### What is required
Leaving out every image, restate all the records word for word.

• • •

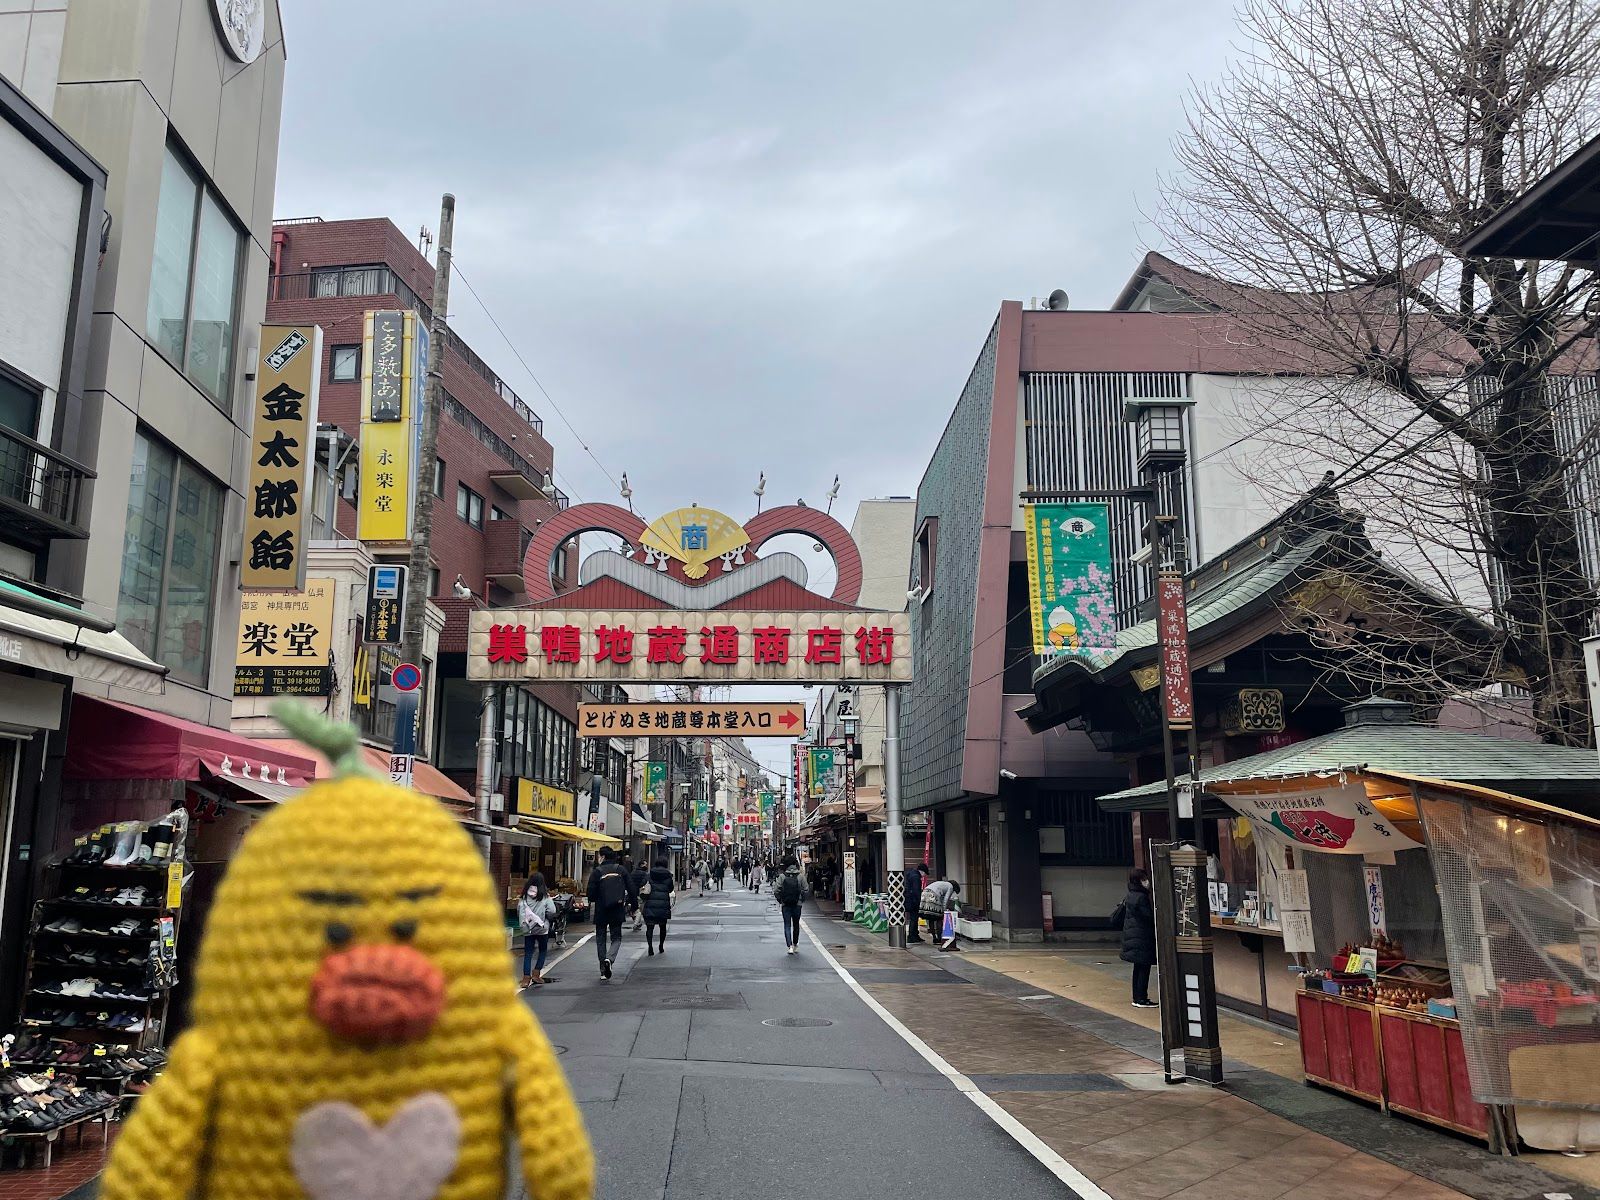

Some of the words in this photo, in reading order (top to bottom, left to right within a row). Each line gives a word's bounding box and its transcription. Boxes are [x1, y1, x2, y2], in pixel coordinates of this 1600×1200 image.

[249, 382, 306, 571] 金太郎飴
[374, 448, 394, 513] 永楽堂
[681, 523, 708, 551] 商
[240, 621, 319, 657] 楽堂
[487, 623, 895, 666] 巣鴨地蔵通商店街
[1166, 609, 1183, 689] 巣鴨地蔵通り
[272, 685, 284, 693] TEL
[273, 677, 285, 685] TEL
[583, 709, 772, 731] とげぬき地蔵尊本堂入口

• • •

### Task result
Some of the words in this photo, in reading order (top to bottom, left to right within a row). Each line gives a word's bounding box and its transcription. Boxes are [x1, y1, x2, y2], in pixel coordinates of this 1600×1200 image.

[249, 382, 306, 571] 金太郎飴
[374, 448, 394, 513] 永楽堂
[681, 523, 708, 551] 商
[240, 621, 319, 657] 楽堂
[487, 623, 895, 666] 巣鴨地蔵通商店街
[1166, 609, 1183, 689] 巣鴨地蔵通り
[272, 685, 284, 693] TEL
[273, 677, 285, 685] TEL
[583, 709, 772, 731] とげぬき地蔵尊本堂入口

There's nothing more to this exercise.